I’d like to give you a perspective on your job vs. your career that is not only important but freeing in a way: Your career is more important than your job. Here’s what I mean.
Your career is a journey. You define where you want to go on that journey. You plan it out. You set goals. Your journey – and thus your career – is aligned with you.
As unexpected things happen on your journey, you make decisions and adjustments along the way. But generally you think of it as big picture and long term.
Your job, on the other hand, is a step along the way. It’s one short trip in that long journey. You can plan some of those steps and short trips. But you don’t have total control of what happens.
Job opportunities are neither constant nor always predictable. They’re more fluid and temporary.
You want to ensure your career continues to align with you. That it’s successful as you define successful. Your jobs are the means to help you do that.
So do well in your job. Learn and grow. Make your contribution there. But if your job no longer serves your career, move on. Your career is more important than your job. Don’t lose the forest for the trees. Don’t lose sight of your career by focusing too hard on your job.
How You Might Lose Sight of Your Career by Focusing on Your Job
I can give you some example scenarios to clarify how you might lose sight of your career by focusing too much on your job. Here are 6 common mistakes engineers make that slow down or divert career progress:
- Viewing your job as the goal. People who make this mistake don’t view their job as a stepping stone – as a means to an end. Instead they view it as an end in itself.

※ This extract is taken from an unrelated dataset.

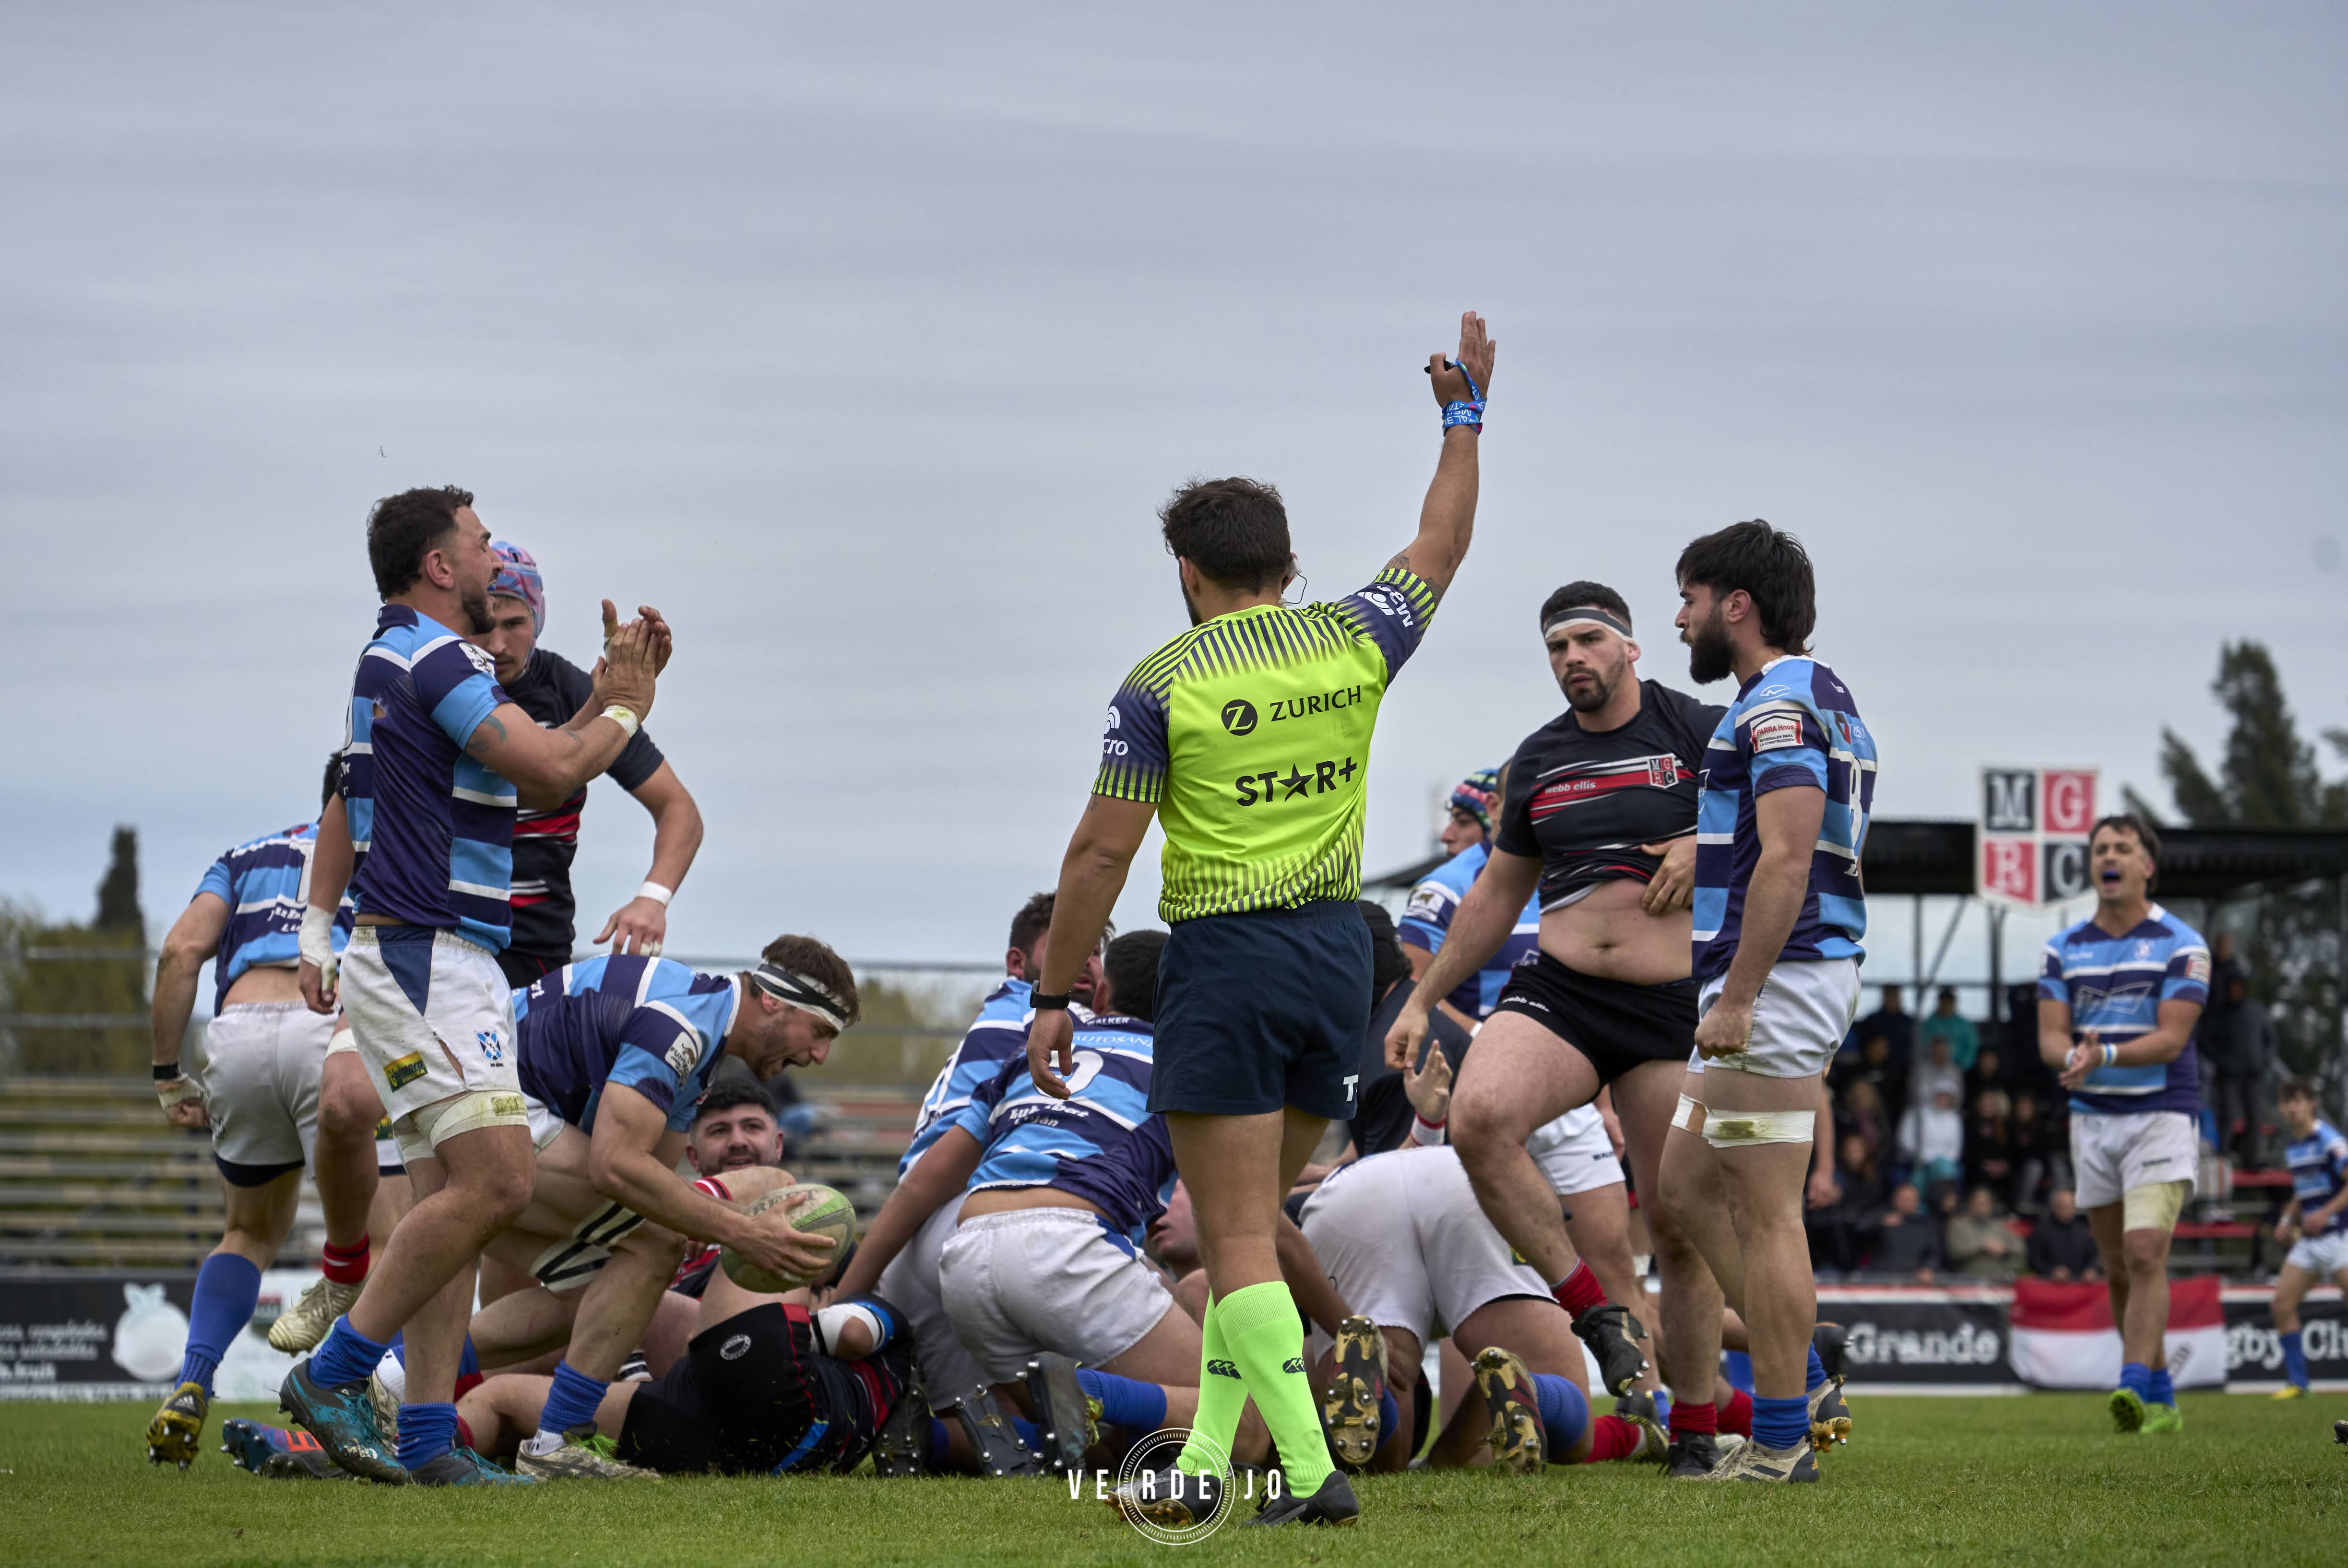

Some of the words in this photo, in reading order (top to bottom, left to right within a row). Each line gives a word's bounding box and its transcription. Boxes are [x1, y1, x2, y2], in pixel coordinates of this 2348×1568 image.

Once they’re in that job, they feel like they’ve arrived at their destination. At least at this point in their careers, they don’t – or are unable to – have a long-term view.
- Job loitering or attachment. Job loitering means getting overly comfortable in your current job and hanging out there for too long.
Another version of this mistake is getting too attached to or even possessive of your job and not wanting to let it go. You might believe you’re the only one who can do this job and therefore can’t leave.
People making this mistake tend to ignore other opportunities. Effectively you’re stuck and you no longer grow and learn.
- Striving for perfection. I’ve made this mistake myself. It’s easy to do. Basically you believe you have more room to grow where you are so you don’t move on.
The tricky part is it’s probably true that you can grow more where you are. But it blinds you to the fact that you’re ready to take on more challenge and you’re missing out on better opportunities.
You’re thinking of your job more than your career. You’re striving for perfection where you are at the expense of stretching into higher level and more impactful roles.
- Leading with your ego instead of your energetic center. This mistake happens when you lose sight of your authenticity and the personal meaning you give to your career and vision.
Then you fall into this trap of focusing on the money or the prestige that results from the job rather than what’s meaningful in your career. Rather than the talent you can apply, the impact you can have, or all you can learn.
You’re trading temporary satisfaction for the long term investment in yourself as a person, an engineer, and a leader.
- Exaggerating loyalty. As the name implies, people who make this mistake are extremely loyal to their organization or mission. To the point that they stay in an undesirable job to uphold that loyalty.
Sometimes you think you have to “serve your time” before you can leave. In extreme cases you may choose to endure toxic situations or abusive people, believing that leaving the job would look bad. No job is worth that – for you or your career.
- Believing that you own your job. Believing that you have total control over your job. That nothing can interfere with it and no one can take it away.
This mistake happens to you when you are so personally invested in the people or the goals or the work itself that you can’t pivot when the environment changes.
Then, when there are shifts in mission priority, technology, or customer requirements, you tend to be inflexible. You don’t allow yourself to evolve. You’re sort of holding on to your job for dear life instead of thinking about your career as a whole.
Own Your Engineering Career, Not Your Job
Think of your job as temporary. After all it can be cancelled or defunded or downsized at any time. (And you should not take that personally.) Each job is a stepping stone along your path. There’s an optimal amount of time to stay in each one.
At the point where you’ve honed some skills and gained the right amount of experience, you should prepare yourself to move on. And take the next challenging opportunity as soon as possible.
Your skills and strengths are portable and can be applied elsewhere to continue building your career. In this way you master your engineering abilities and mature your professional development.
Think of your career as having more permanence. Even though it’s changeable, it’s more foundational and intransient. You can own your career. You can’t own your job.